# [Task brief]
Using the listing below, print the line that contains "Some of the text" and each line after it, exactly as shown, through the final one.

# [Data]
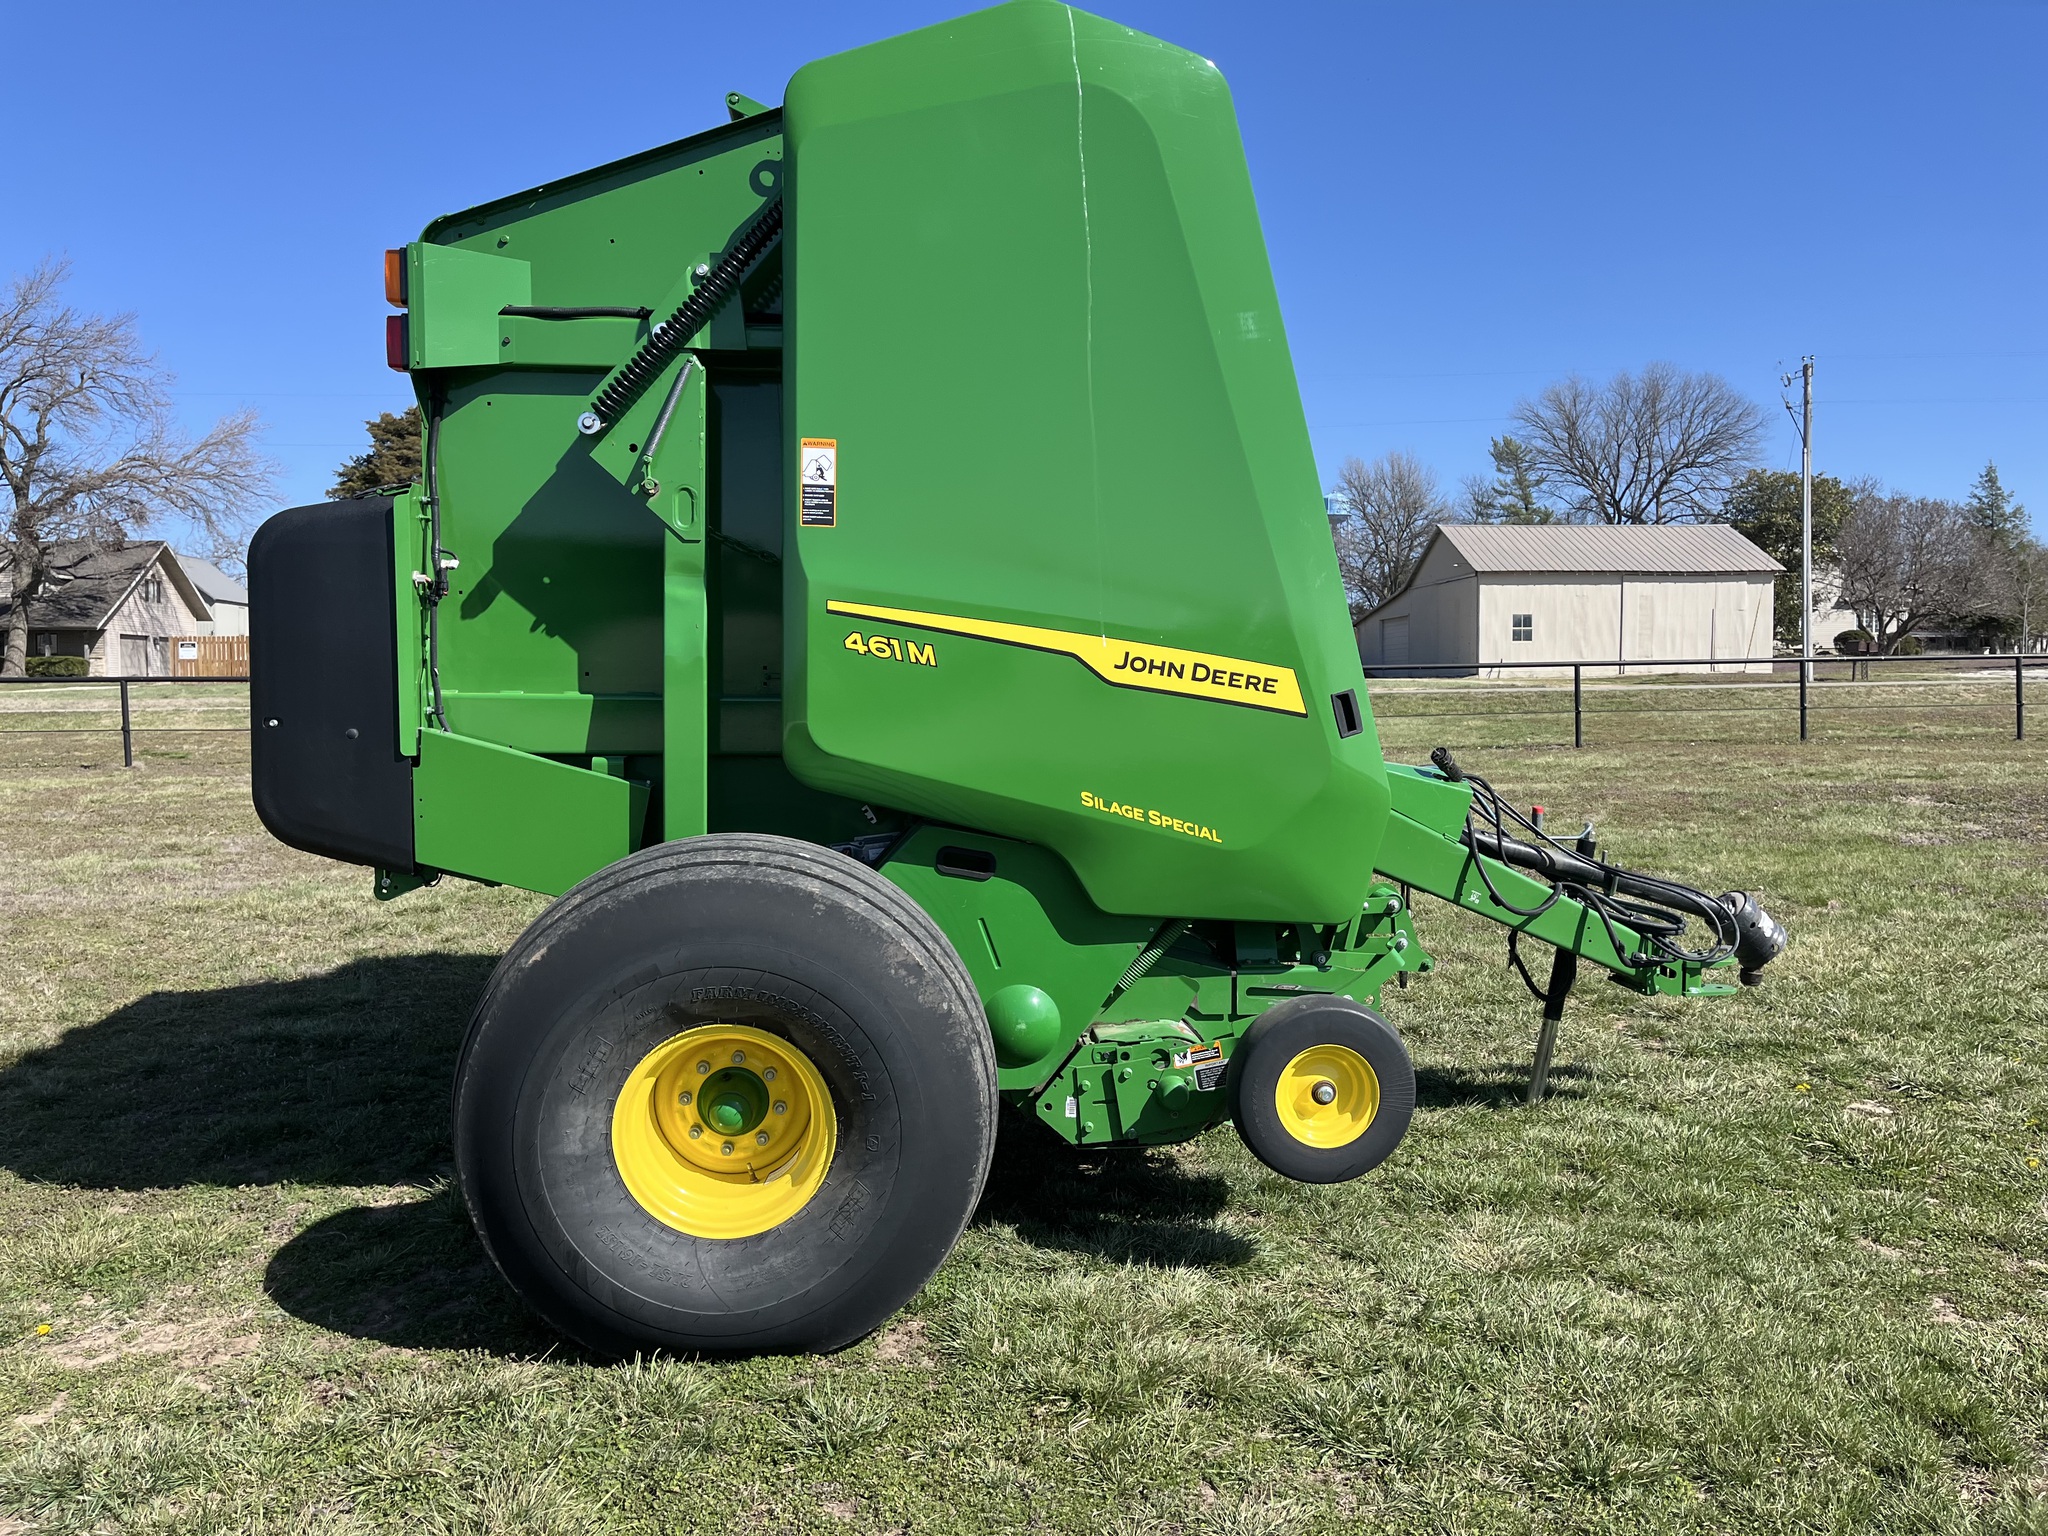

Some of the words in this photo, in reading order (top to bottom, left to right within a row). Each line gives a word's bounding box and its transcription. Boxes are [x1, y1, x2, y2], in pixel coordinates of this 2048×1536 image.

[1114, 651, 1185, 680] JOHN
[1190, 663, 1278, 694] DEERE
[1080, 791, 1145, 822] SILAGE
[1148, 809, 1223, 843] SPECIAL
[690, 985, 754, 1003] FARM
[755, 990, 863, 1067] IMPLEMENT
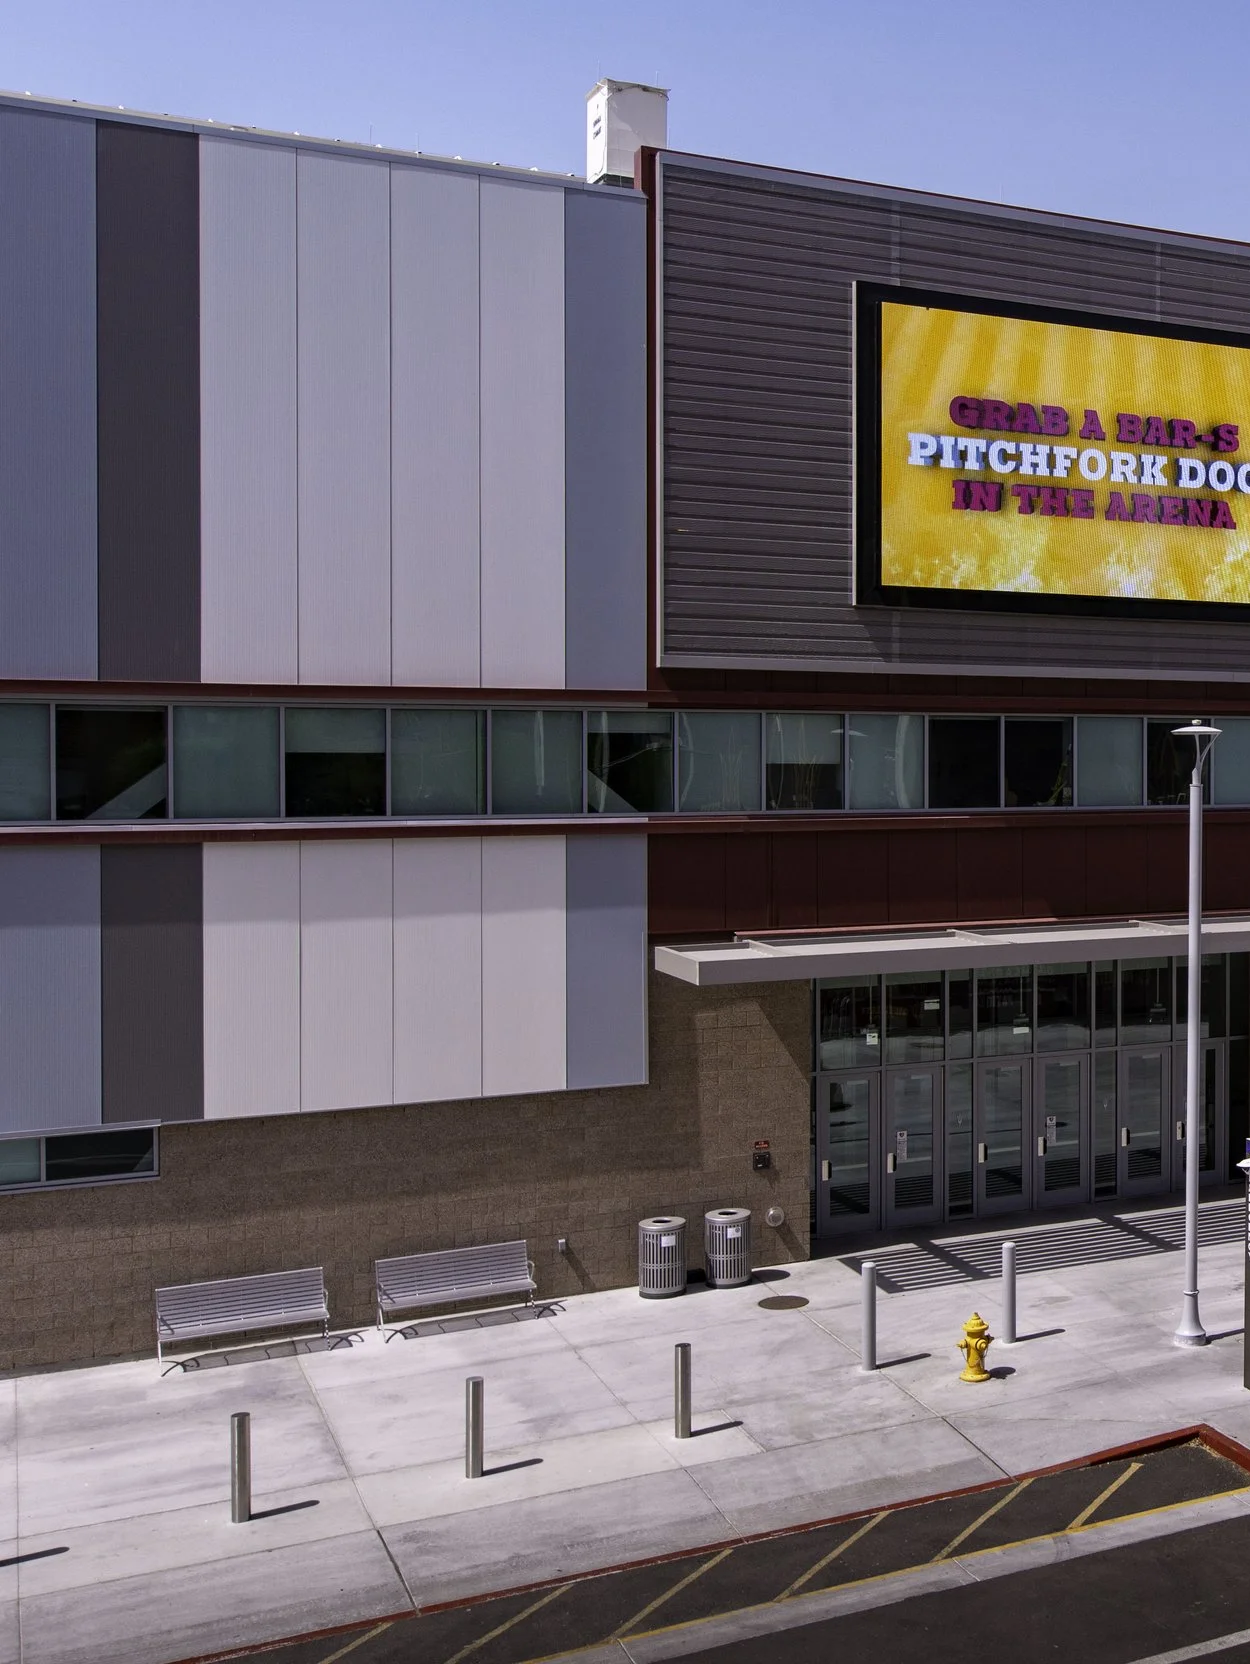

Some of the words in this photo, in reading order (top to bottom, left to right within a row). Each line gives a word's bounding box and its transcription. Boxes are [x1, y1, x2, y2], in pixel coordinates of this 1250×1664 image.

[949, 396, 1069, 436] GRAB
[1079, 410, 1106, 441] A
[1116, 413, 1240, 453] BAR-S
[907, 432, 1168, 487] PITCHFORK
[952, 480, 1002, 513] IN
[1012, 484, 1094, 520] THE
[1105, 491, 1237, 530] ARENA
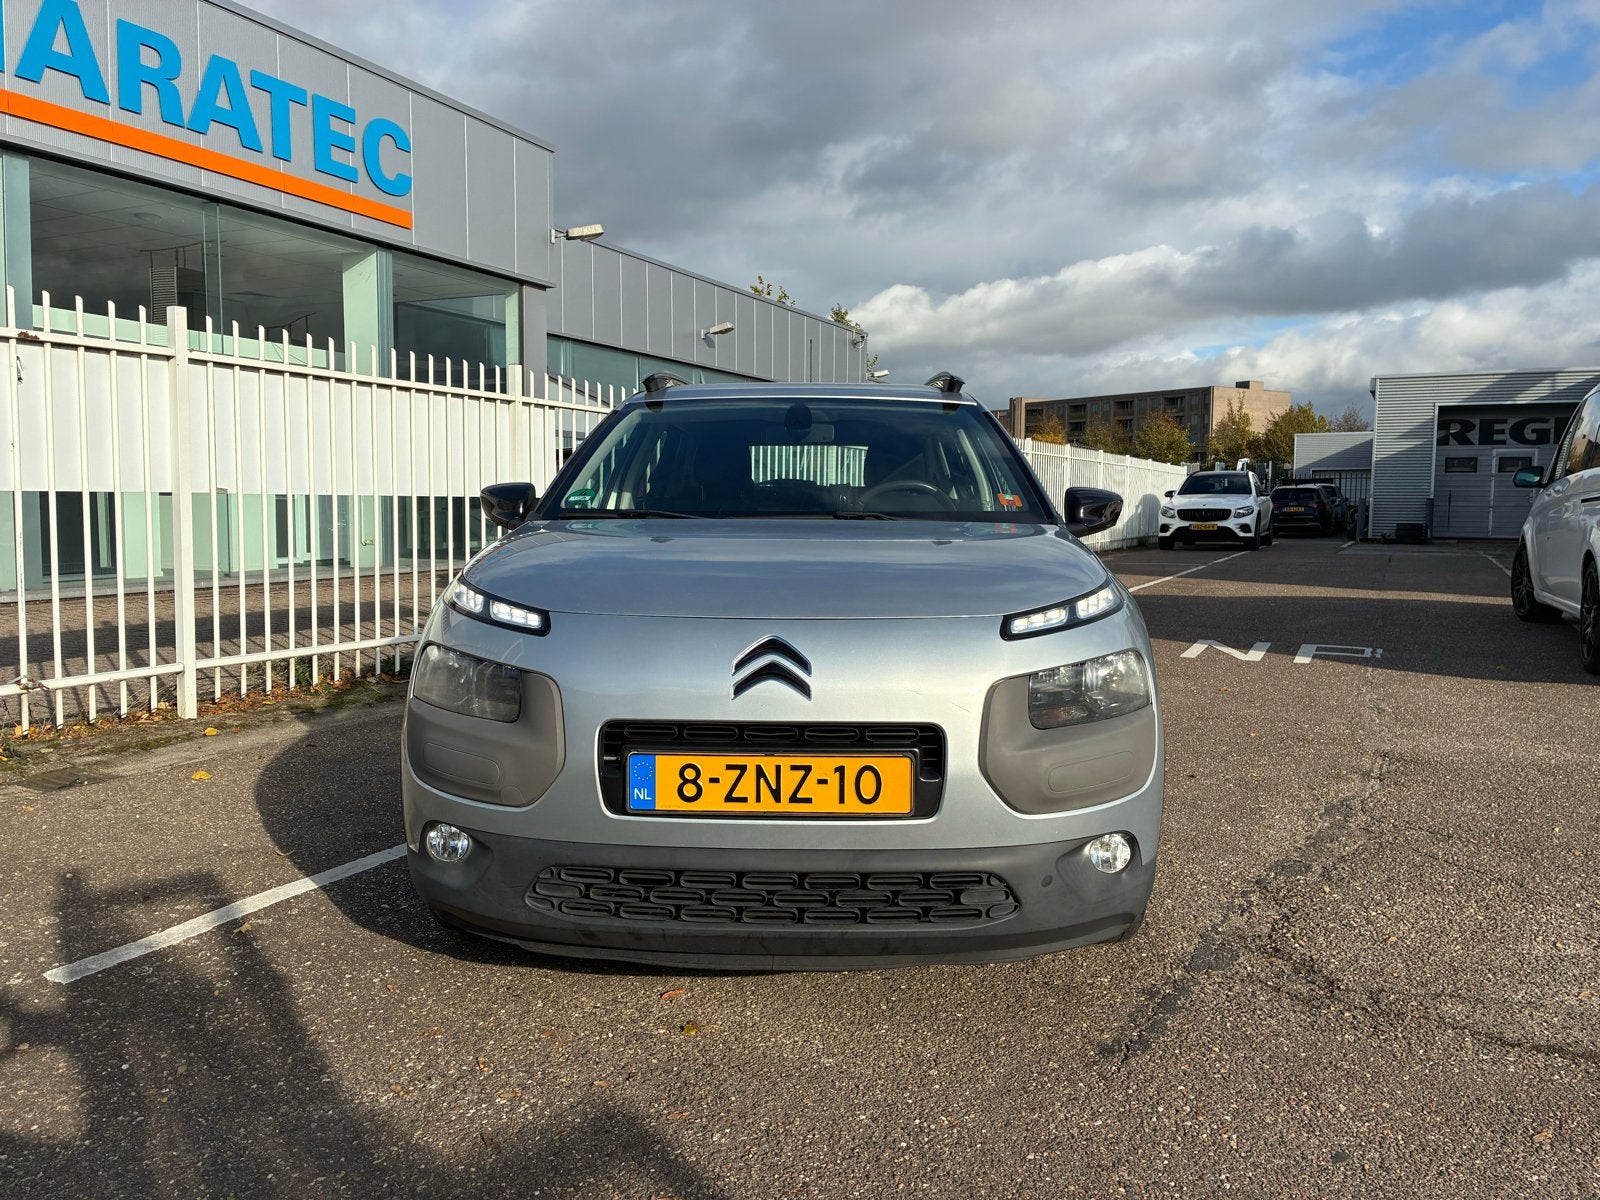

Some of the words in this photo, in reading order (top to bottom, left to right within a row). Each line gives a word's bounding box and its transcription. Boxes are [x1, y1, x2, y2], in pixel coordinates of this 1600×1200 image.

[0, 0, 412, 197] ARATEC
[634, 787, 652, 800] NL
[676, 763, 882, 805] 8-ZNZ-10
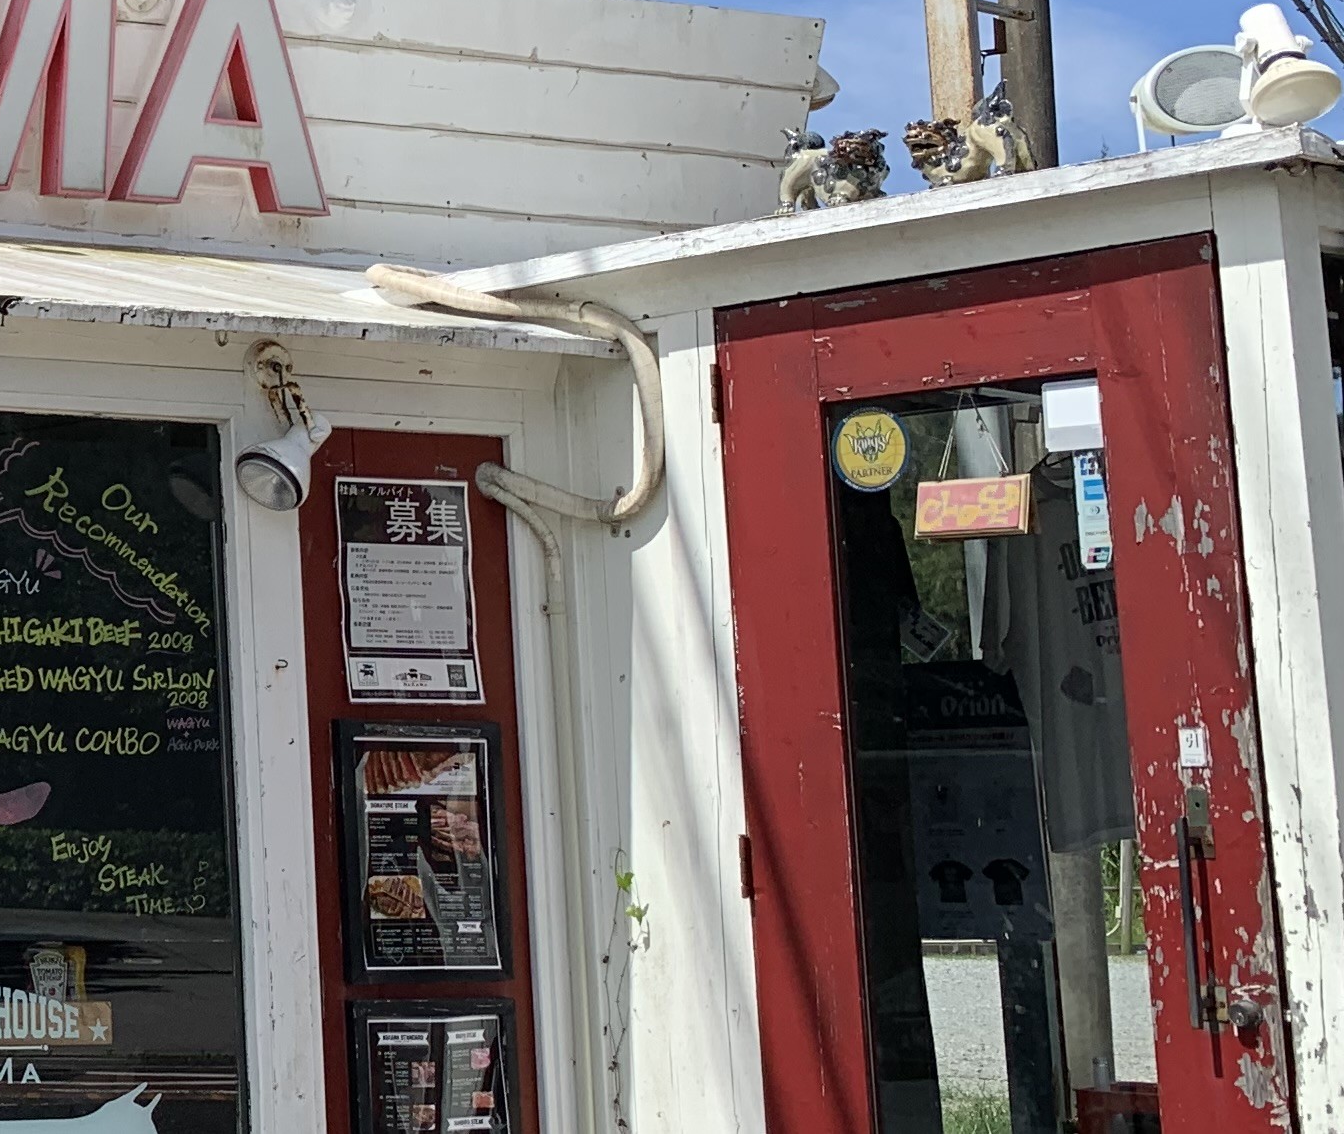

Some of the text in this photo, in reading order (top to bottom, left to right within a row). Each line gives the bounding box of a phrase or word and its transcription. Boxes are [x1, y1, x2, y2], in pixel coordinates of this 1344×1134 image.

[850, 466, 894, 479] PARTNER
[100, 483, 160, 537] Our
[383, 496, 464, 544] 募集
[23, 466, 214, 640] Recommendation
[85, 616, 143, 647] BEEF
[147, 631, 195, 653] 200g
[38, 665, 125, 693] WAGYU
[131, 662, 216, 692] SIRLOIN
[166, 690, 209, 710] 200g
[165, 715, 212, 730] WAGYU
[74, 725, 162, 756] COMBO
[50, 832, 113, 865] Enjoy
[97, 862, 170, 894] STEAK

# [Finished task]
Some of the text in this photo, in reading order (top to bottom, left to right within a row). Each line gives the bounding box of a phrase or word and its transcription. Boxes are [x1, y1, x2, y2], in pixel coordinates of this 1344×1134 image.

[850, 466, 894, 479] PARTNER
[100, 483, 160, 537] Our
[383, 496, 464, 544] 募集
[23, 466, 214, 640] Recommendation
[85, 616, 143, 647] BEEF
[147, 631, 195, 653] 200g
[38, 665, 125, 693] WAGYU
[131, 662, 216, 692] SIRLOIN
[166, 690, 209, 710] 200g
[165, 715, 212, 730] WAGYU
[74, 725, 162, 756] COMBO
[50, 832, 113, 865] Enjoy
[97, 862, 170, 894] STEAK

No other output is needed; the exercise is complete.